Die Plastik-Ausgabe: Luxiders interviewt Emily Penn

 

Plastik ist allgegenwärtig: von den Borsten in unserer Zahnbürste bis zu den Mikrofasern in unserer Kleidung ist Plastik ein notwendiger Begleiter für das Funktionieren des modernen Lebens geworden. Doch aufgrund von Autolosigkeit und unsachgemäßer Müllentsorgung gelangen jedes Jahr 8 Millionen Tonnen Plastik in unsere Ozeane, und bis 2050 wird sich diese Zahl verdoppeln. Die Vergiftung unserer Ozeane, das Massaker an Meerestieren und die Bedrohung der menschlichen Gesundheit - das ist eine Krise, eine Tragödie der schlimmsten Art. Luxiders interviewt die renommierte Ozean-Skipperin und Fürsprecherin Emily Penn, die ihre wissenschaftlichen Erkenntnisse und Ratschläge mit uns teilt, wie das "Plastikproblem" heute gelöst werden sollte.

 

 
 

Kannst du dir zunächst einmal kurz vorstellen und ein wenig darüber erzählen, was du derzeit tust, um das "Plastikproblem" anzugehen?

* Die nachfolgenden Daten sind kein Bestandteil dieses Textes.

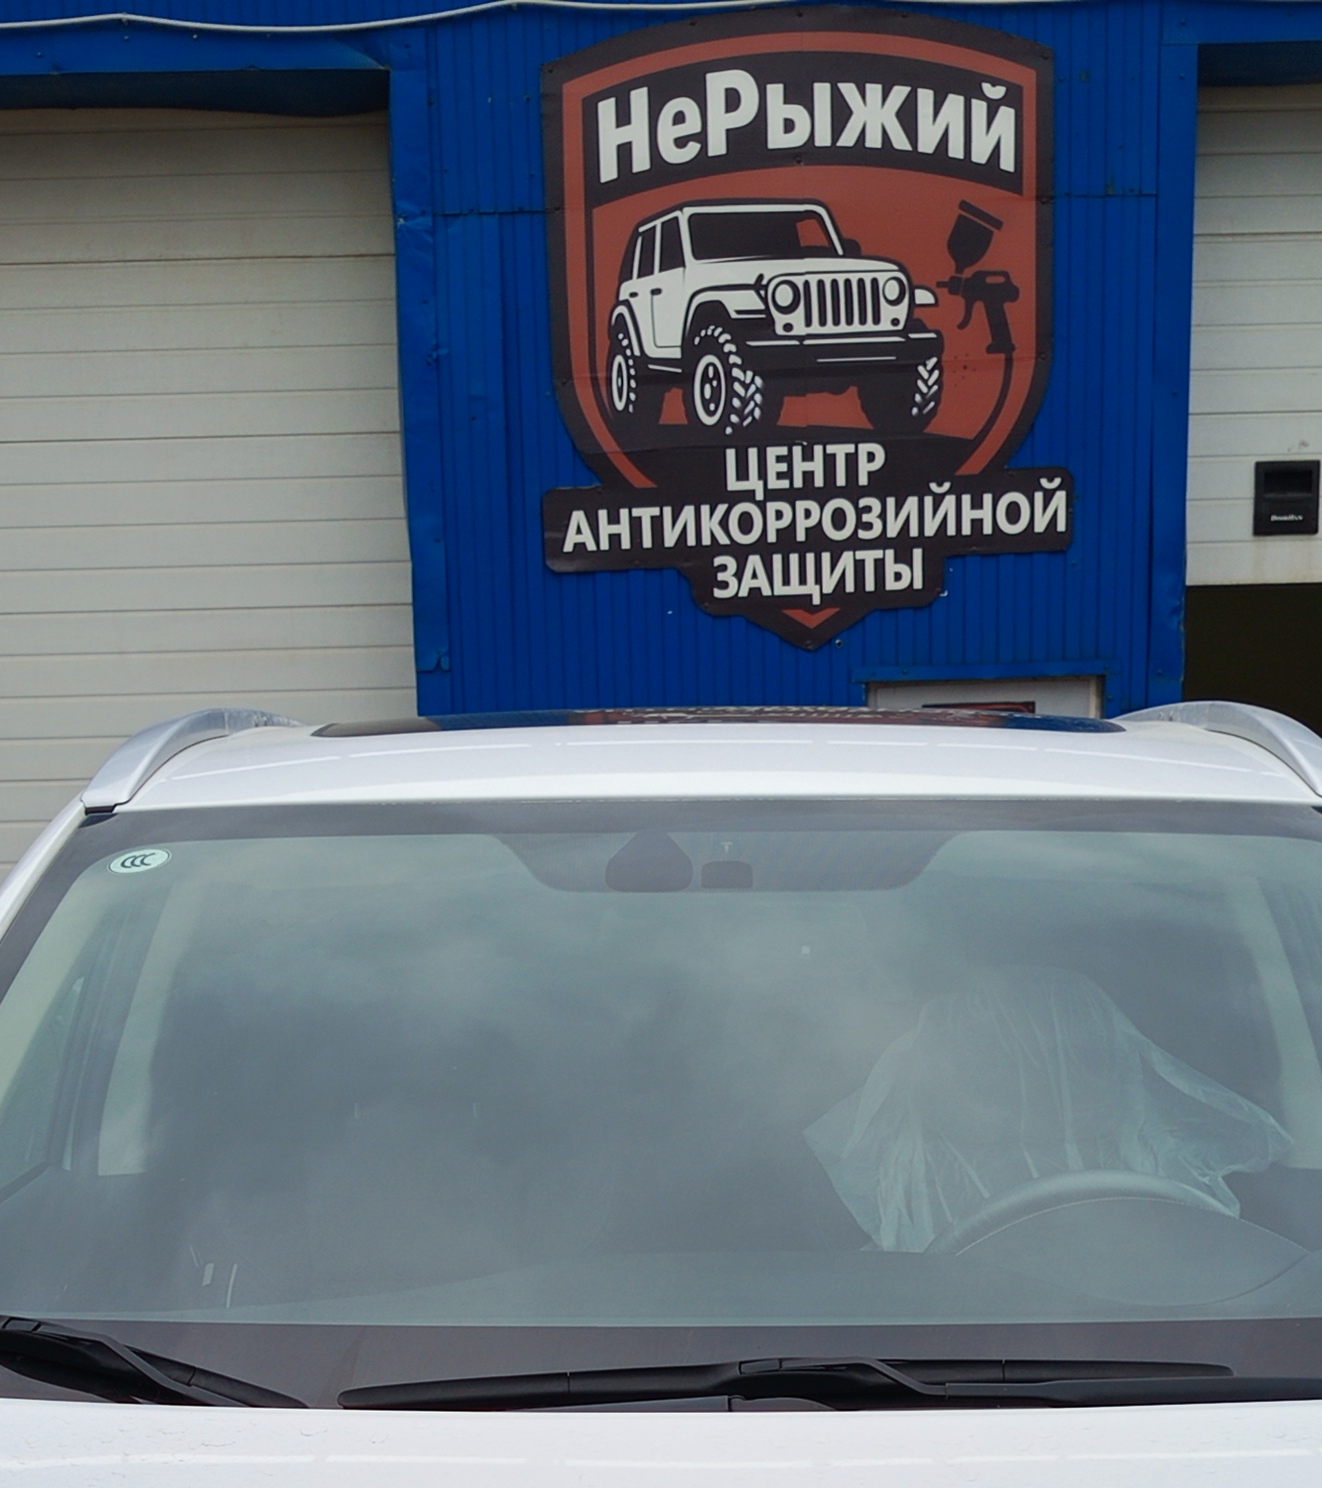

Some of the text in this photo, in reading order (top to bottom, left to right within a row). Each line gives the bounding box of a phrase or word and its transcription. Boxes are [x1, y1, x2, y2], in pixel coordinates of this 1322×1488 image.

Um die Auswirkungen von Plastik auf den Ozean zu verstehen, schauen wir uns Mikroplastik an - diese winzig kleinen Stücke, die entstehen, wenn große Plastikteile durch Wind, Wellen und Sonne zersetzt werden. Sie werden sehr anonym und es ist sehr schwer herauszufinden, woher sie kommen. Die wissenschaftliche Forschung, die wir betreiben, versucht also zu verstehen, welche Polymere sie sind und was sie gewesen sein könnten, als sie einst an Land verwendet wurden, damit wir am besten herausfinden können, wo die Lösungen liegen, um das Problem zu lösen. Wir betreiben also wissenschaftliche Forschung, wir erzählen auch viele Geschichten und machen den Ozean sichtbar - wir haben 300 Frauen, die sich uns auf der "Round the World"-Reise anschließen.

 
 

Das ist unglaublich!

Nur 10 auf einmal - die Boote sind nicht groß - aber es sind 30 Beine, wenn wir in 2 Jahren um die Welt fahren. Wir holen Leute da raus, die nicht unbedingt Segler oder Wissenschaftler sind - einige von ihnen sind Journalisten oder Filmemacher oder Lehrer... Es gibt viele Leute, die rausfahren und aus erster Hand sehen müssen, was dort passiert; die ihre Geschichten zurück in ihre jeweiligen Branchen bringen, denn das wird auch hier zu Lösungen führen.

Das dritte Ziel von "Round the World" ist es, eine globale Gemeinschaft von Menschen aufzubauen, die das Problem verstehen, um es an Land zu lösen. Bisher haben 40 verschiedene Nationalitäten an unserer Reise teilgenommen, es ist also eine sehr globale Anstrengung!

 
 
 
 
 

Derzeit gibt es weltweit eine Vielzahl von Umweltproblemen. Warum wolltest du dich im Gegensatz zu anderen Umweltproblemen auf Kunststoff konzentrieren ?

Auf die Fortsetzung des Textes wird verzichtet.